Thursday, February 20, 2014

What Matters Most

In his book of the same title, James Hollis, Ph.D. “asks each of us to consider more thoughtfully the relationship we have to ourselves, for that is what we bring to the table in the sundry scenes of this serial we call our life.”

What matters most is that we 1) aspire, 2) explore, 3) develop, 4) transform and 5) inspire others by modelling the divine virtues & spiritual qualities that we believe to be important states of being and ways of being in the world. What matters most is that we gain and practice the spiritual discipline of beginning this process anew each and every single day of our lives.

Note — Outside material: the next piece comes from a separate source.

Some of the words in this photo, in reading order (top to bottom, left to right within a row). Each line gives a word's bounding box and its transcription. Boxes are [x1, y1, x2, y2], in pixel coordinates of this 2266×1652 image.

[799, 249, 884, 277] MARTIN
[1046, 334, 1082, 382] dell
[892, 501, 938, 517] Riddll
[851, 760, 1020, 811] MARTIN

Allow me to hereby assert to he or she that will listen without judgement that I am a man who is more than a victim to the anxiety and depression which at times has plagued me. I refuse to runaway or hide from my personal challenges any longer. If I appear less than perfect in the eyes of others well then I am fully capable of accepting that. But I will not allow it to hold me in place or restrict my possibilities like some animal chained to a post.

If at any time in my life a private physician recommends that I take medication for either a chronic physical or mental health condition then I will open-mindedly consider doing so after seeking a a qualified second opinion. However, I shall always reserve the right to intelligently explore the possible benefits of a combination of non drug treatment interventions such as aroma therapy, art therapy, diet, exercise, creative writing, keeping a gratitude journal, meditation, movement therapy, music appreciation, personal counseling, prayer, reflexology therapy, travel, reading sacred text, reiki healing and other cost effective and advancing treatments for managing and furthermore improving one's overall health, consciousness, personal happiness and general well-being.

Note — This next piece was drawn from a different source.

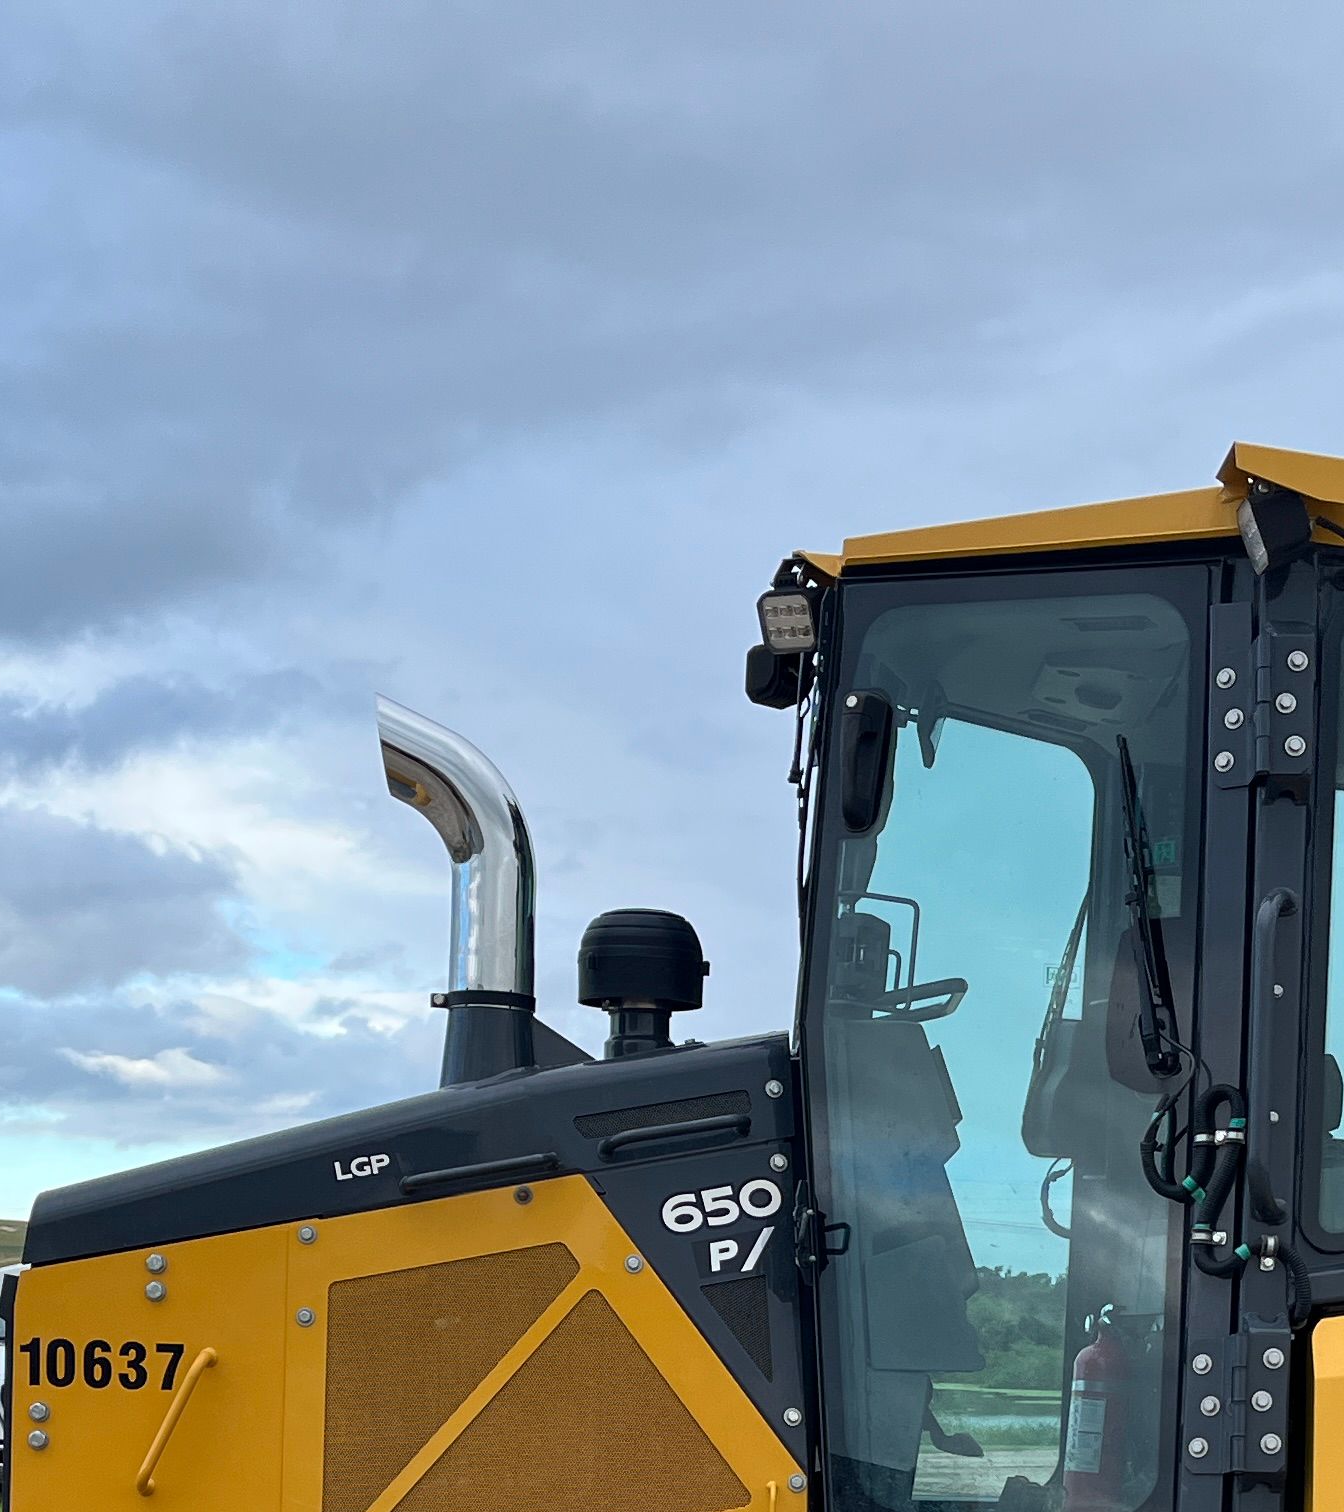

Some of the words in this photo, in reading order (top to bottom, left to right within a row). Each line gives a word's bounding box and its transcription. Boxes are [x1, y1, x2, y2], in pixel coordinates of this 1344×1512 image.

[333, 1153, 391, 1181] LGP
[661, 1178, 782, 1233] 650
[19, 1336, 185, 1391] 10637

Although from a religious perspective I was raised as a Christian and in the past publicly accepted its tenets for my life without argument, my continuing level of education, my personal life experience and my ongoing interests in comparative religion, cognitive, educational and developmental psychology, interfaith dialogue and neurobiology and universal spirituality prevents me from continuing to formally accept or claim myself to be a follow of any religious doctrine, dogma, ideology, political party, religion, rhetoric or worldview that chooses to advocate and remain publicly locked in a position of inequality for women, intolerance of gay, bisexual, lesbian, and trans-gender persons or promotes prejudice towards those of a different economic class, ethnicity or religion anywhere in the world.

To be fooled into believing or far worse to be fool enough to believe that these negative aspects of societal practice are reasonable or reflective of that which is good in the world is completely absurd, hateful, insane and unsacred.

If we take a long and panoramic look at the world that we are living in together it should become profoundly clear to us that nothing in all of existence has ever remained stagnant.  Why then should our concept of the Almighty, the Creator, and originating Source of All Life as we know it be bound by our small thinking to do so?

As with for our bodies, our minds, our hearts and all of the life that surrounds it has all been given the capacity to transform itself. This is the most obvious principle for all of existence. A mission of sustainability is written into our DNA and we need to protect this undefinable element it or at the least die trying! Maybe that is the lesson we are meant to be learn from the existence of cancer.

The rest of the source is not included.